Exercise directions. Print the records below exactly, and do not carry over any picture.

Dataset excerpts.

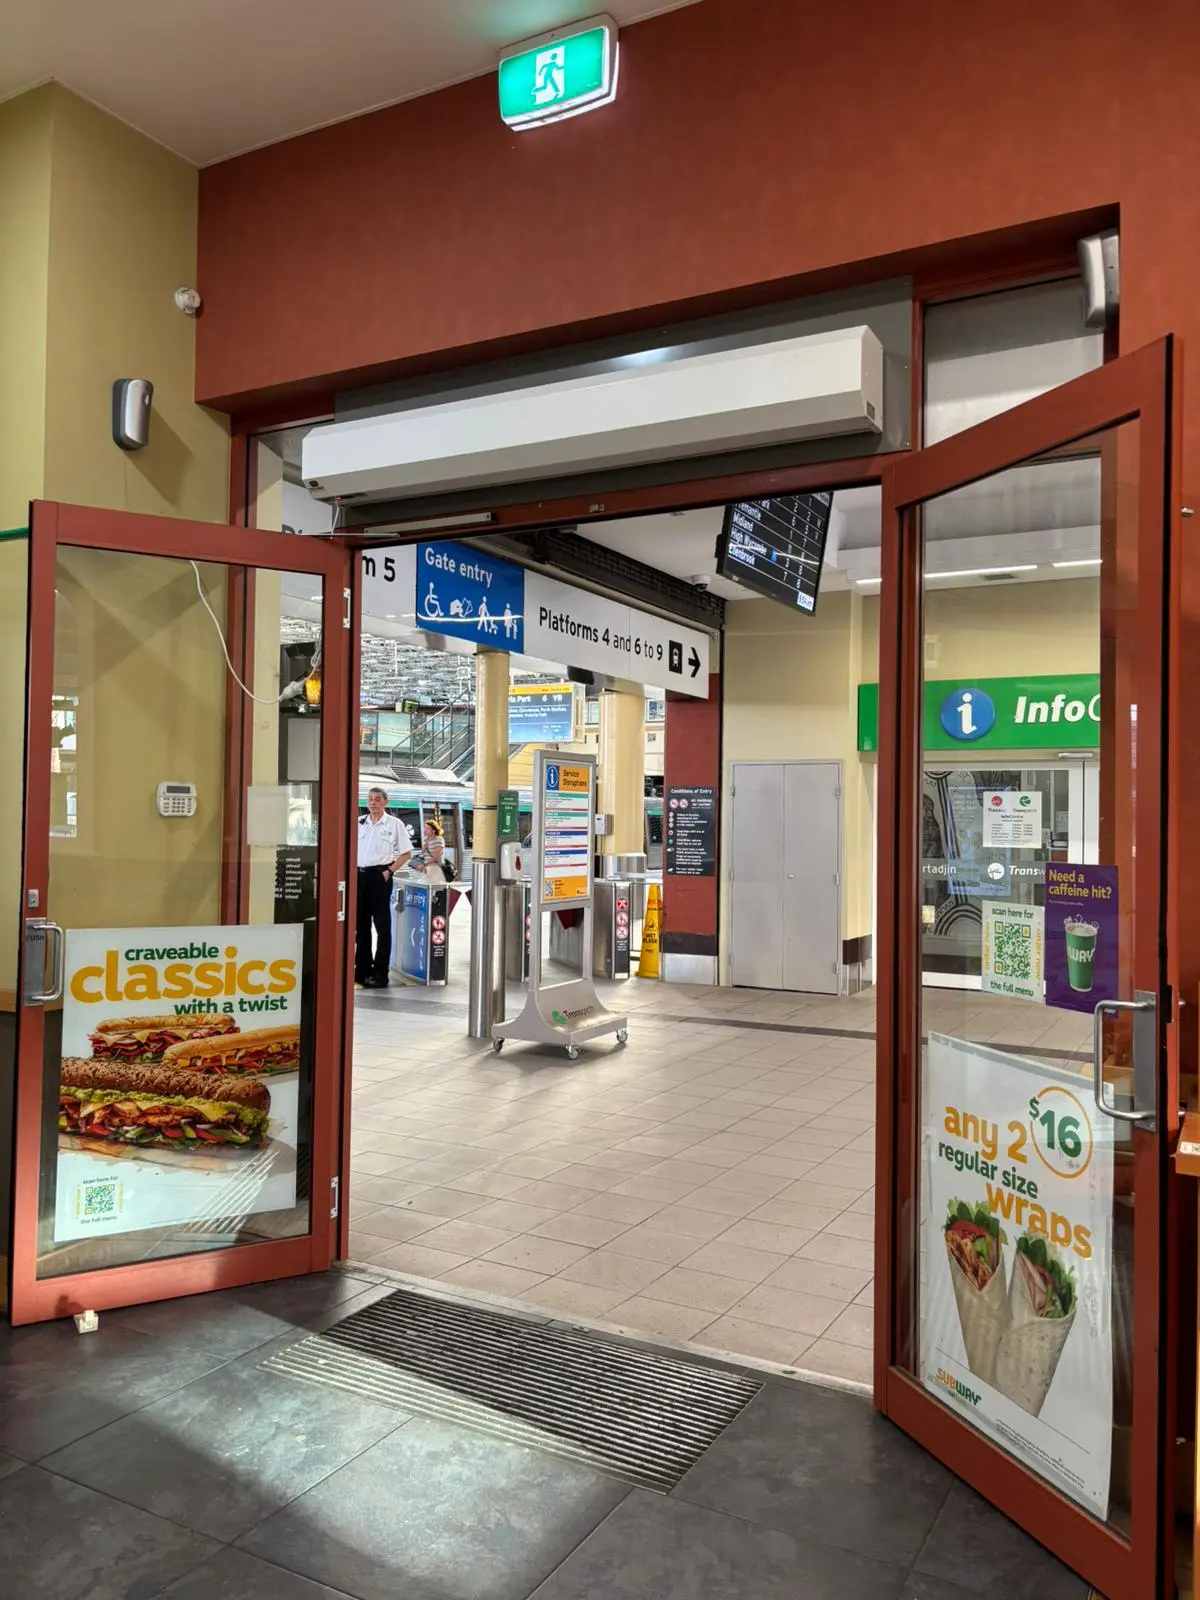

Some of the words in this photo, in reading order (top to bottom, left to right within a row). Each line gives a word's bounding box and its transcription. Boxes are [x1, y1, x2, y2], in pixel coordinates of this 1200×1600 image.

[384, 557, 395, 582] 5
[425, 547, 456, 573] Gate
[459, 562, 493, 588] entry
[539, 606, 598, 643] Platforms
[602, 628, 610, 646] 4
[613, 634, 631, 652] and
[634, 638, 641, 655] 6
[644, 640, 654, 659] to
[656, 644, 663, 661] 9
[563, 769, 580, 777] Service
[563, 778, 588, 787] Disruptions
[1048, 869, 1076, 883] Need
[1078, 873, 1085, 884] a
[1048, 883, 1089, 898] caffeine
[1091, 884, 1112, 899] hit?
[992, 907, 1006, 917] scan
[1008, 908, 1022, 919] here
[1023, 909, 1034, 920] for
[124, 942, 219, 961] craveable
[70, 946, 297, 1003] classics
[990, 980, 1001, 990] the
[1003, 982, 1014, 993] full
[1015, 986, 1034, 997] menu
[174, 998, 217, 1014] with
[222, 1000, 234, 1013] a
[239, 995, 288, 1012] twist
[944, 1106, 999, 1161] any
[1007, 1119, 1028, 1165] 2
[1029, 1096, 1082, 1159] $16
[939, 1142, 998, 1180] regular
[1002, 1166, 1038, 1199] size
[986, 1182, 1093, 1259] wraps
[936, 1367, 982, 1406] SUBWAY
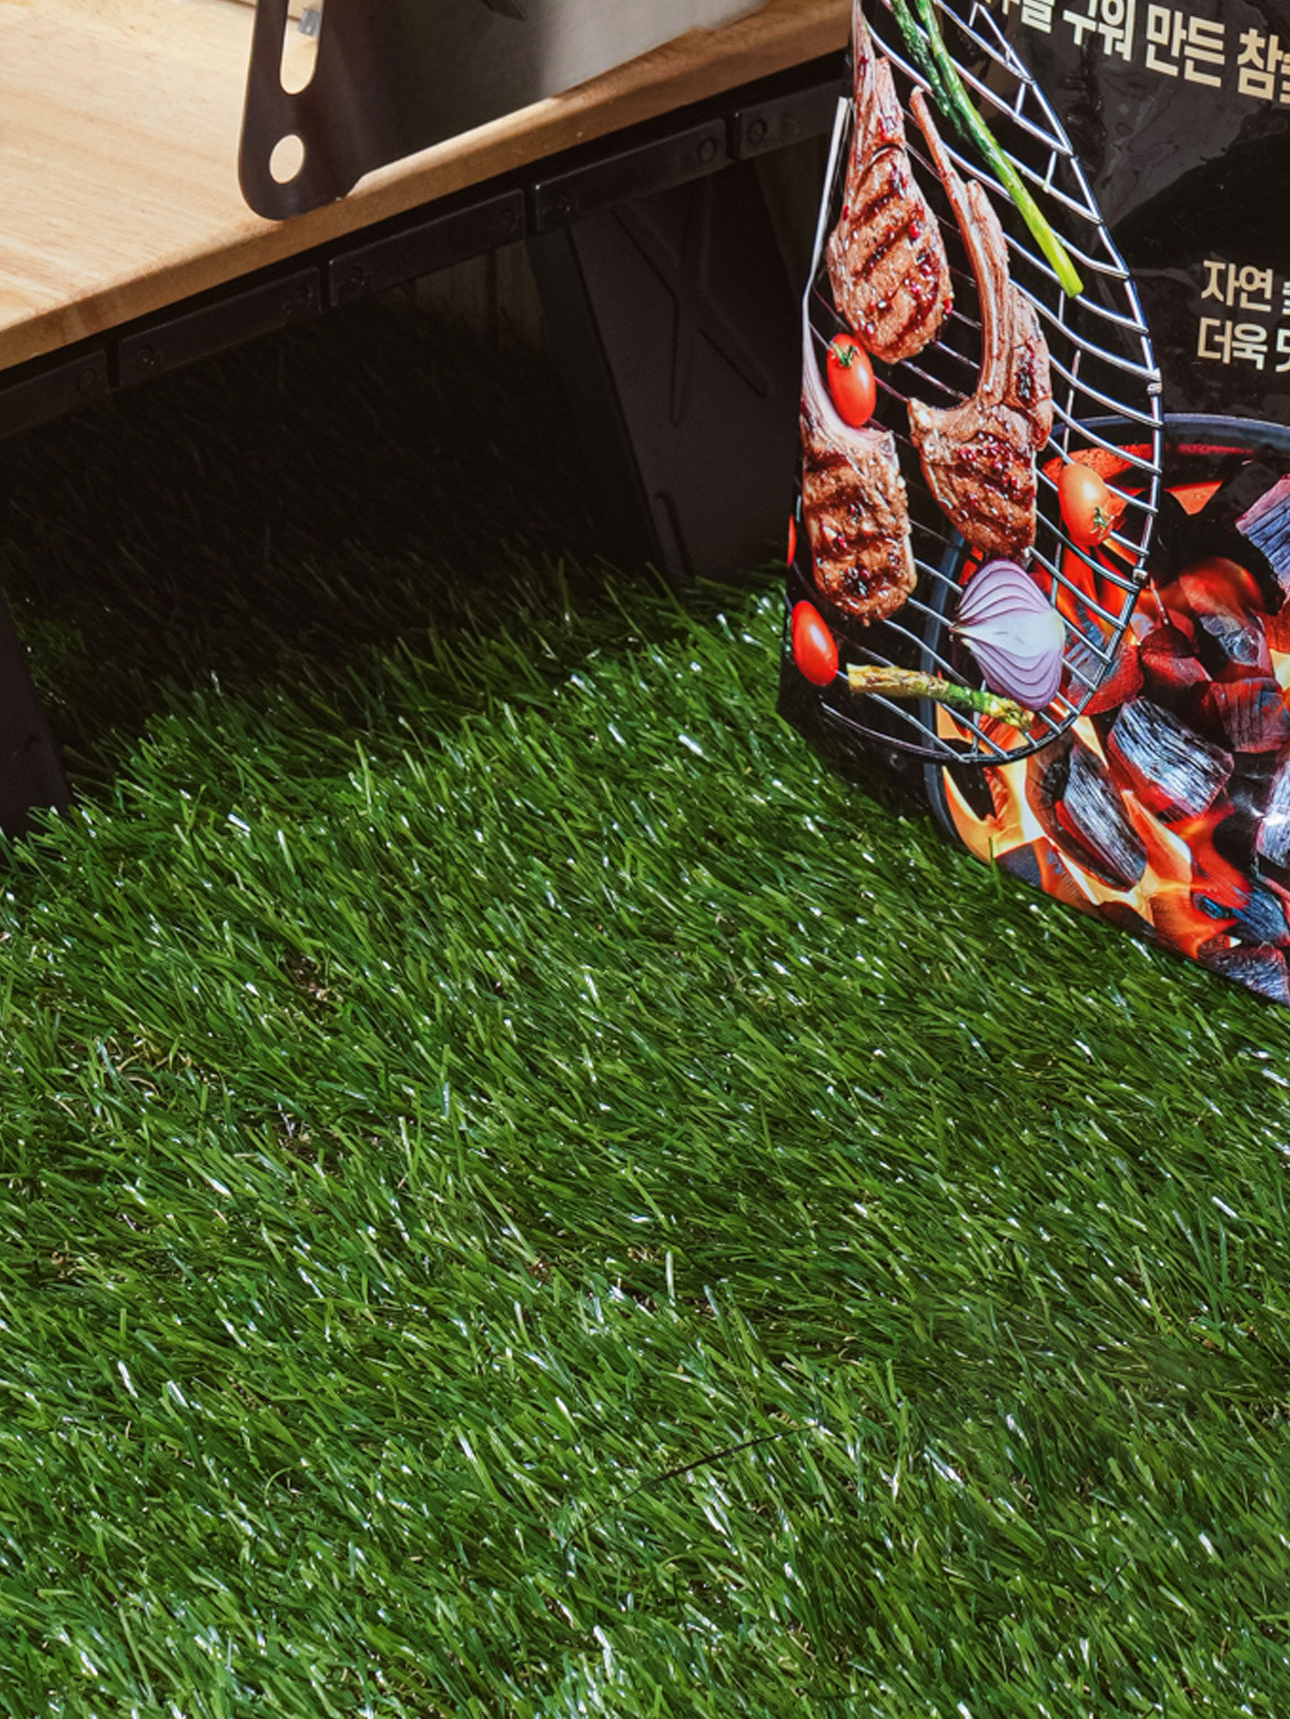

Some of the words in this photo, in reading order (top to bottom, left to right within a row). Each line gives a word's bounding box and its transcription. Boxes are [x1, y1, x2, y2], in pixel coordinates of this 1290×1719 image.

[1145, 3, 1226, 88] 만든
[1201, 260, 1274, 312] 자연
[1197, 316, 1268, 370] 더욱

Answer to this task.
Some of the words in this photo, in reading order (top to bottom, left to right within a row). Each line gives a word's bounding box and its transcription. Boxes are [x1, y1, x2, y2], in pixel coordinates of this 1200×1600 image.

[384, 557, 395, 582] 5
[425, 547, 456, 573] Gate
[459, 562, 493, 588] entry
[539, 606, 598, 643] Platforms
[602, 628, 610, 646] 4
[613, 634, 631, 652] and
[634, 638, 641, 655] 6
[644, 640, 654, 659] to
[656, 644, 663, 661] 9
[563, 769, 580, 777] Service
[563, 778, 588, 787] Disruptions
[1048, 869, 1076, 883] Need
[1078, 873, 1085, 884] a
[1048, 883, 1089, 898] caffeine
[1091, 884, 1112, 899] hit?
[992, 907, 1006, 917] scan
[1008, 908, 1022, 919] here
[1023, 909, 1034, 920] for
[124, 942, 219, 961] craveable
[70, 946, 297, 1003] classics
[990, 980, 1001, 990] the
[1003, 982, 1014, 993] full
[1015, 986, 1034, 997] menu
[174, 998, 217, 1014] with
[222, 1000, 234, 1013] a
[239, 995, 288, 1012] twist
[944, 1106, 999, 1161] any
[1007, 1119, 1028, 1165] 2
[1029, 1096, 1082, 1159] $16
[939, 1142, 998, 1180] regular
[1002, 1166, 1038, 1199] size
[986, 1182, 1093, 1259] wraps
[936, 1367, 982, 1406] SUBWAY

Some of the words in this photo, in reading order (top to bottom, left to right within a row). Each line gives a word's bounding box and its transcription. Boxes are [x1, y1, x2, y2], in pixel coordinates of this 1290×1719 image.

[1145, 3, 1226, 88] 만든
[1201, 260, 1274, 312] 자연
[1197, 316, 1268, 370] 더욱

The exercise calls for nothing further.